Even when approaching health professionals, SWANA immigrants often find that their trauma is poorly understood. In 2019, Samah Jabr, chair of the mental health unit at the Palestinian Ministry of Health, described for The Middle East Eye how the individualist language used by many mental health professionals does not capture social trauma which many SWANA immigrants have experienced.
“‘A lot has changed in terms of people’s willingness to talk about mental health…It’s partly because people… increasingly can say, ‘Oh my cousin’s cousin’s cousin is a therapist.’”
“The individualised model of PTSD ignores the collective aspects of the psychological experience of Palestinians,” Jabor wrote. “How can we measure the psychological impact of events not aimed at individuals, such as Israel’s new nation-state law, the Judaisation of Jerusalem or the siege of Gaza?” This is corroborated by Hassan, who wrote of her first visit to a psychiatrist in Turkey: “She simply advised me to mix with other people, read the Qur’an, and wear a blue headscarf. What could I do but thank her and leave?"
Additionally, class is also an overwhelming barrier preventing access to mental healthcare for many SWANA communities.
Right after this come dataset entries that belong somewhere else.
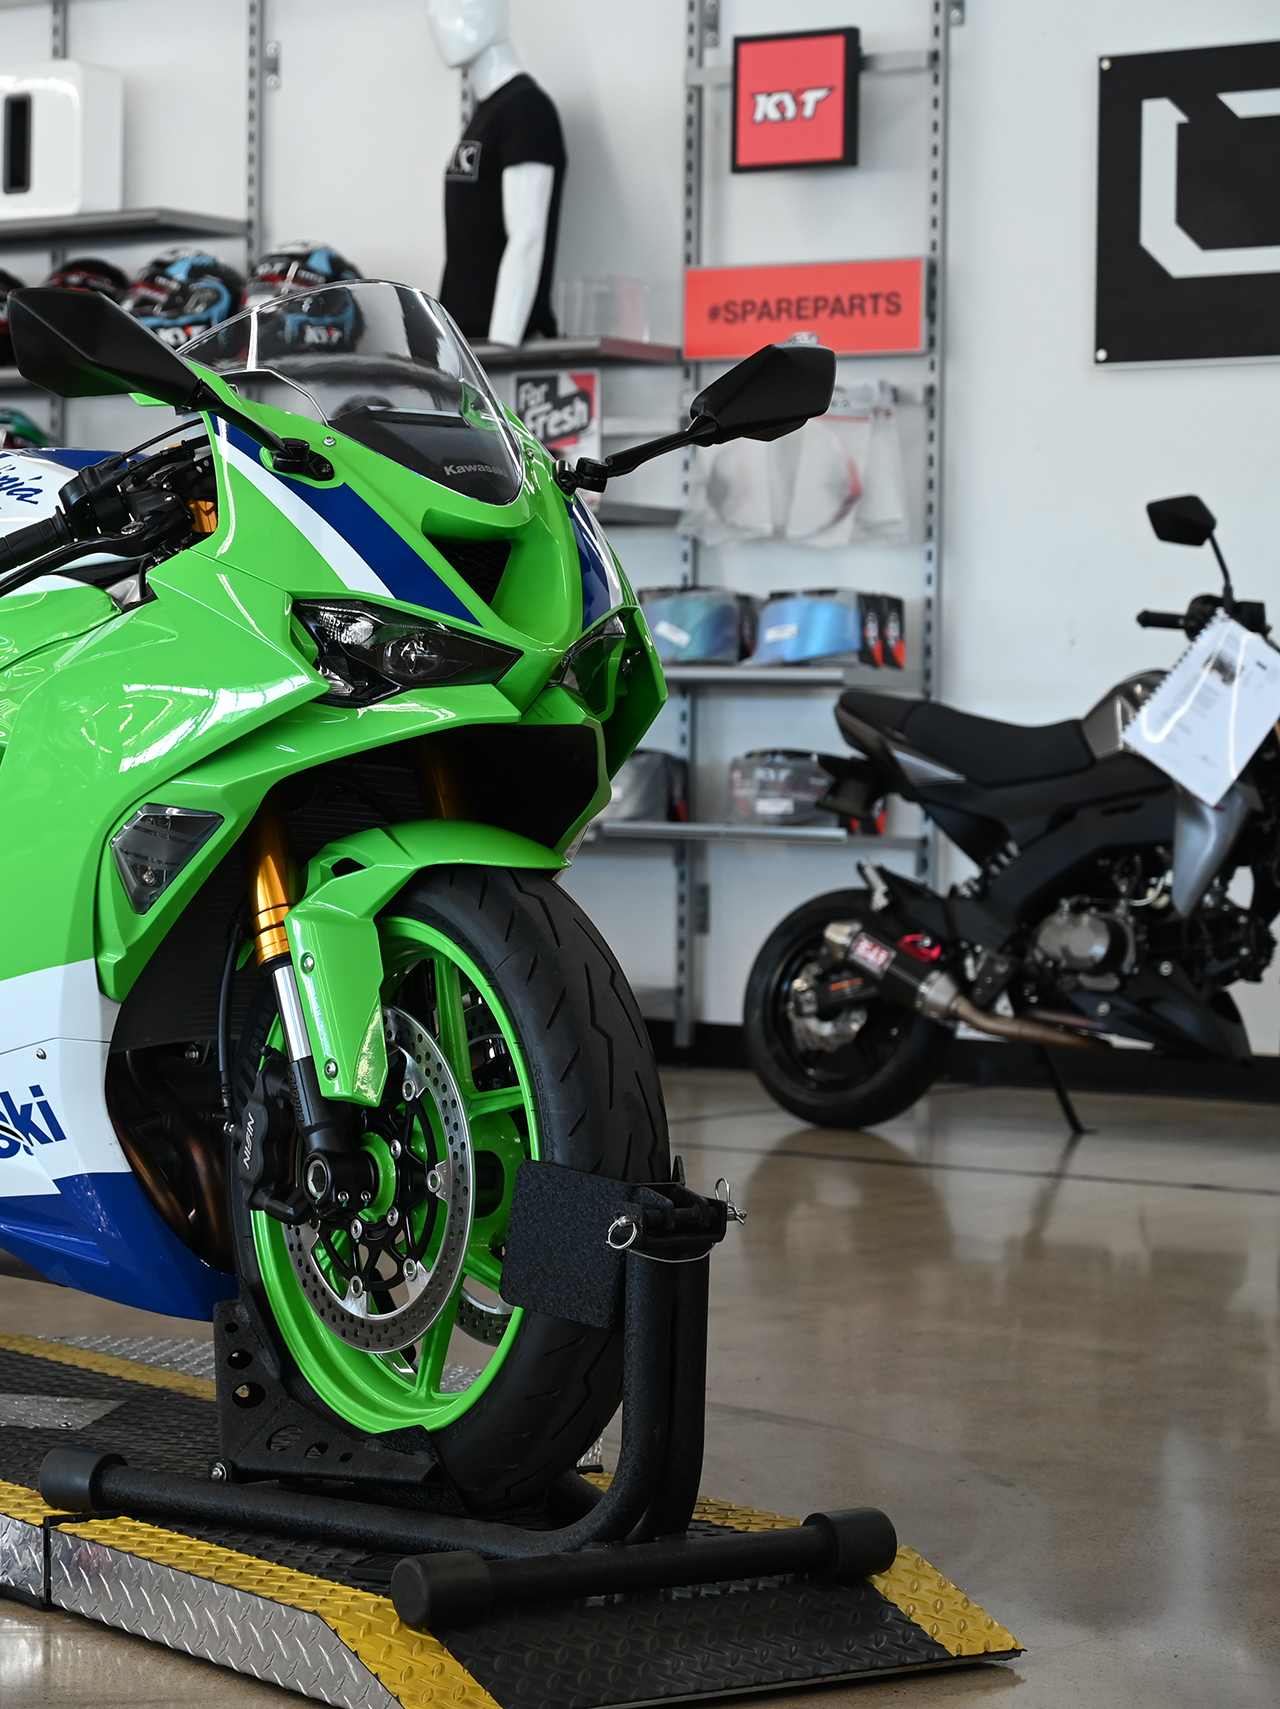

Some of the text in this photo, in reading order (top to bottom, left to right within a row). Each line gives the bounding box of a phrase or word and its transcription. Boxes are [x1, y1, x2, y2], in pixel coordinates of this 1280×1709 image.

[751, 87, 834, 123] KYT
[708, 291, 902, 324] #SPAREPARTS
[443, 464, 509, 478] Kawasaki
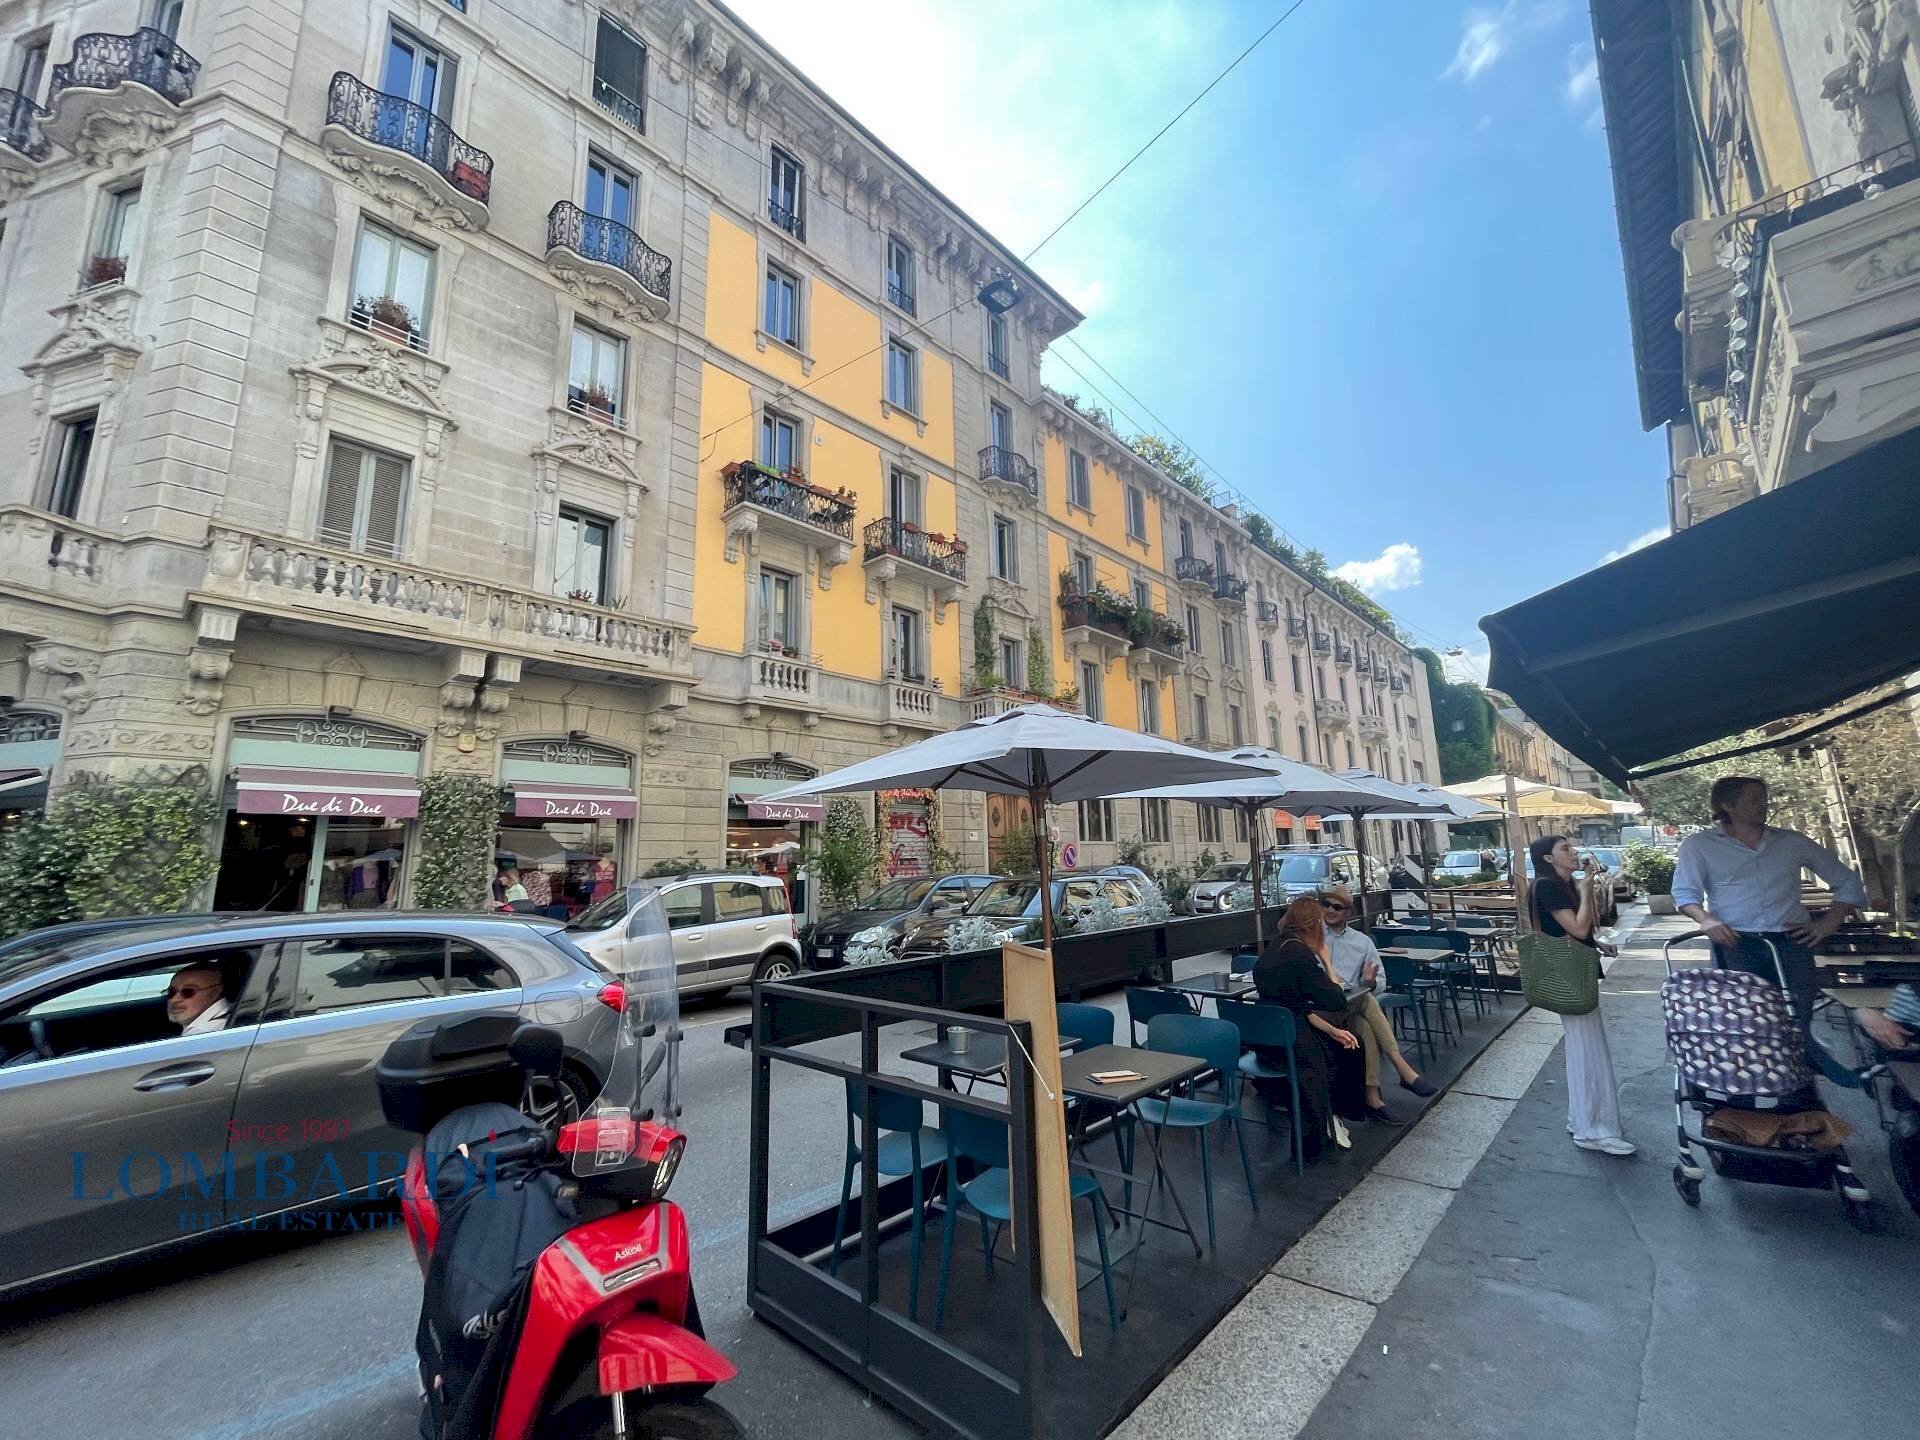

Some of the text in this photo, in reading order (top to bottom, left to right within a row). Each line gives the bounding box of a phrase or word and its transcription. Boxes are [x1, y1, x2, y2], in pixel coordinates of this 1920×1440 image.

[282, 793, 382, 815] Due di Due
[545, 800, 612, 817] Due di Due
[765, 805, 809, 820] Due di Due
[614, 1243, 642, 1262] Askoll
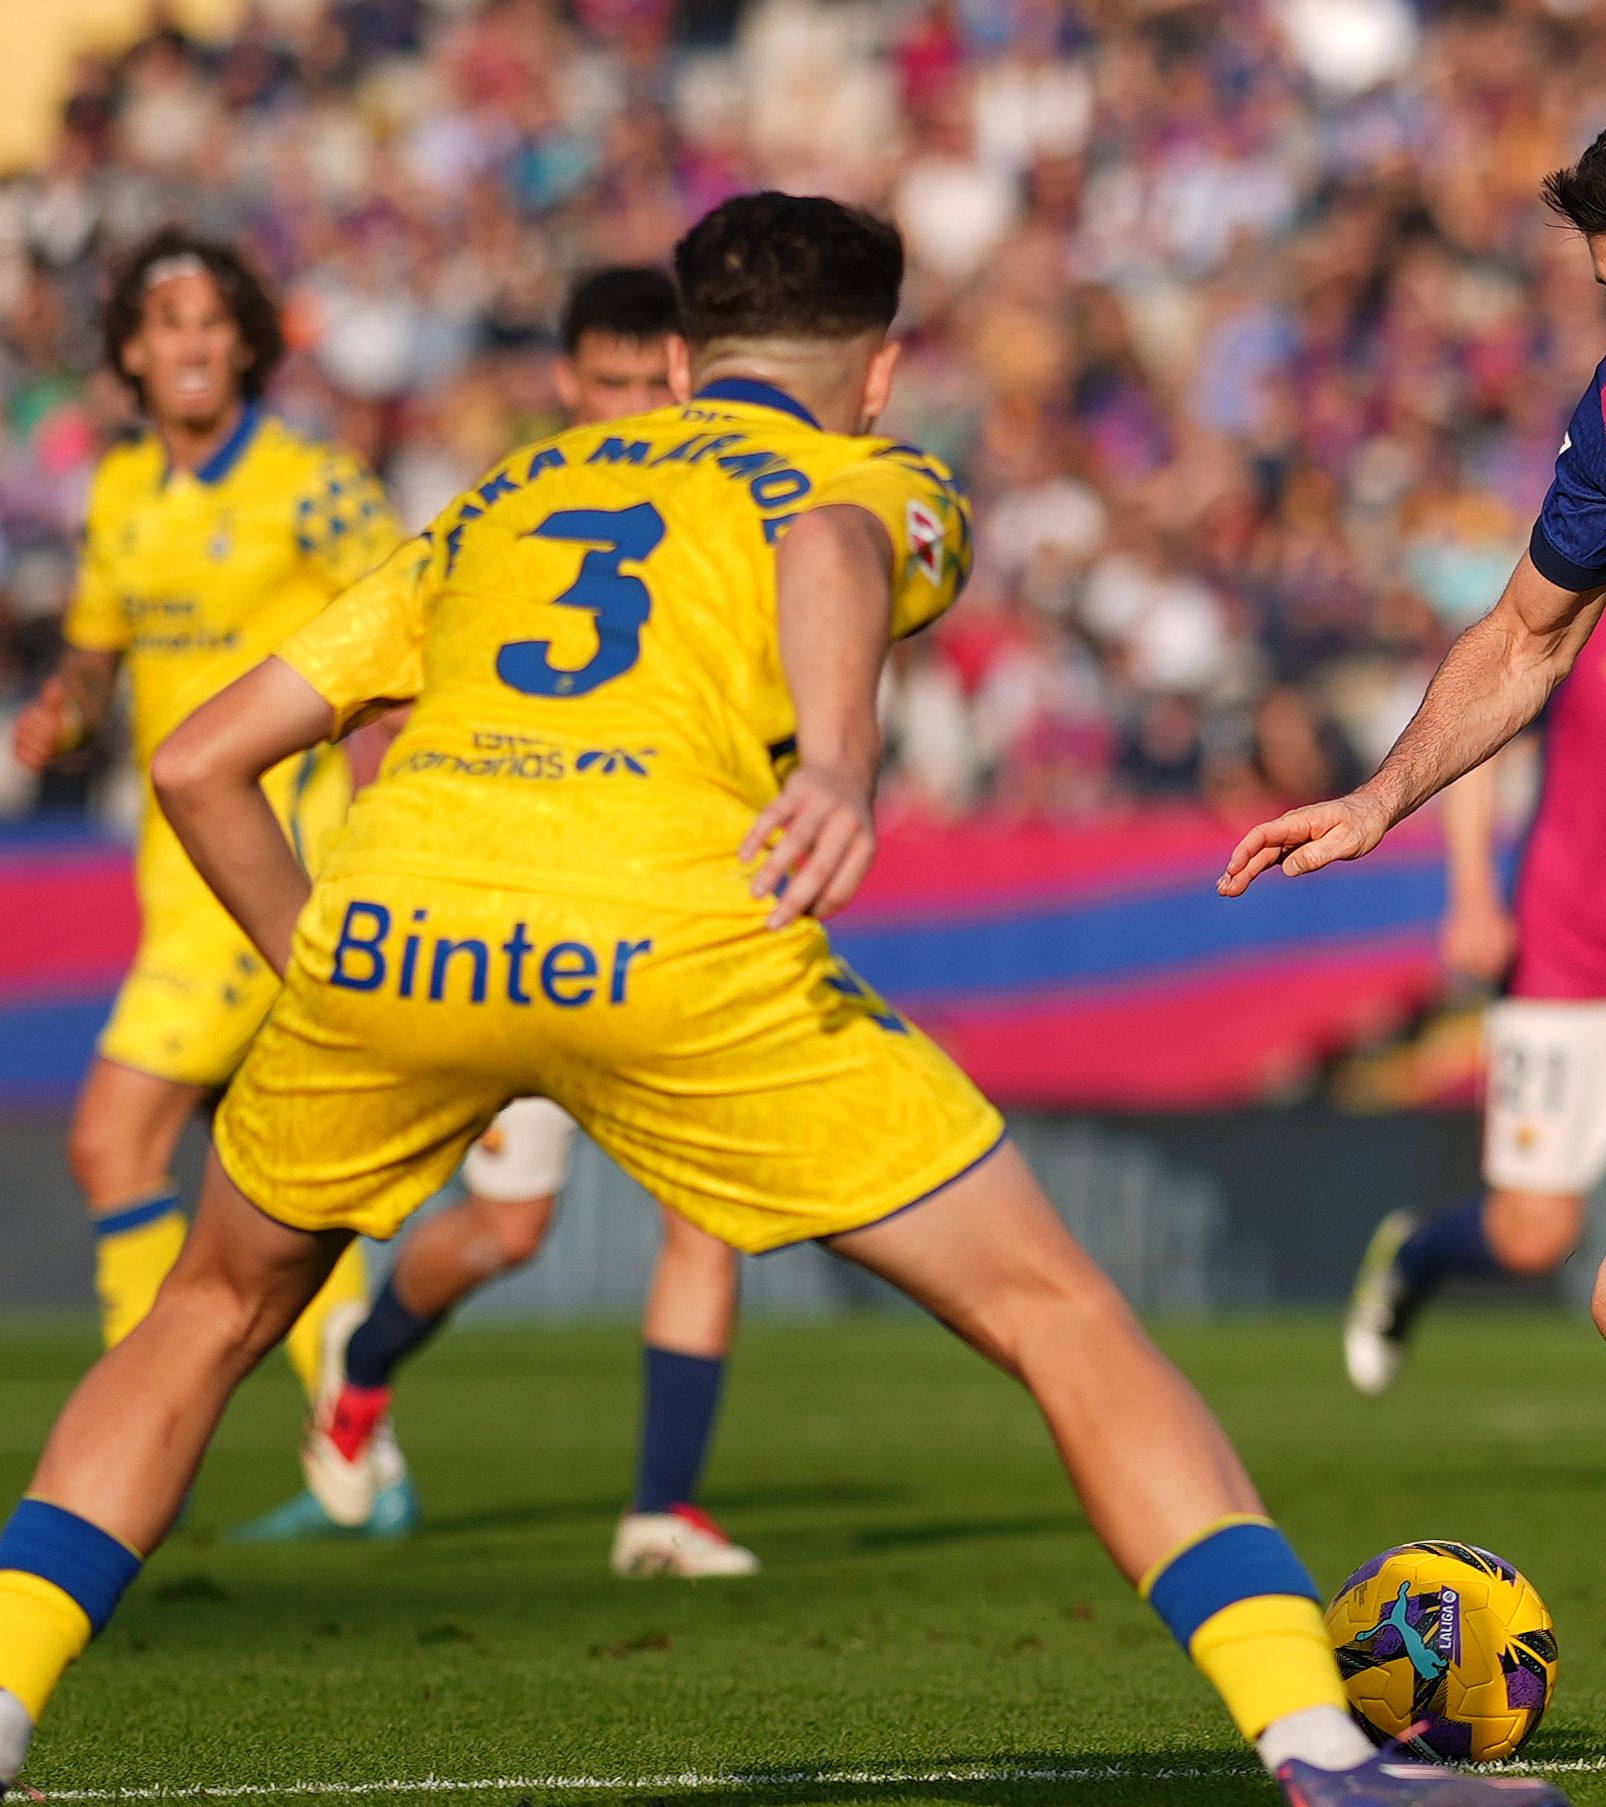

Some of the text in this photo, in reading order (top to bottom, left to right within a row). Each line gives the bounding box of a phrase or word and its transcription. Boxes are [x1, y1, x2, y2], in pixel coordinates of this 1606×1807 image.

According to the Migration Policy Institute, “22 percent of MENA immigrants in 2019 lived in poverty, compared to 14 percent of all immigrants,” with numbers fluctuating highly between different ethnic groups.
In Pennsylvania, Moussa has struggled to overcome healthcare insurance inequality with her clients, who are often low income and cannot afford therapy sessions. “They seek me out because I’m a fluent Arabic speaker,” says Moussa, “So I do my best to accommodate them.” In addition, Aziz has seen older women’s fears that social workers will take away their children if they go to therapy. “Laws are made to be a trap you don’t understand as an immigrant,” explains Aziz, “so I was happy to have an opportunity to help them and clarify.”
But Aziz has hope for the future. “A lot has changed in terms of people’s willingness to talk about mental health”, Aziz tells Al-Bustan. “And it’s partly because people in our communities increasingly can say, ‘Oh my cousin’s cousin’s cousin is a therapist,’ and that makes them more willing to talk.”
Moussa shares a similar sentiment, saying “It was my cousins abroad who told me I was lucky to be training to be a therapist because our communities really need it.” As time goes on, the rise in culturally-sensitive and trauma-informed mental health projects in the Philadelphia area — like Al-Bustan’s Tabadul pilot program — bode well for the future of mental health for first generation immigrants in the city.
Razan Idris is a Sudanese-American PhD candidate in History at the University of Pennsylvania and the curator of the #SudanSyllabus, working on a project tentatively titled The Colors of the Earth: Blackness in 1930s Egypt.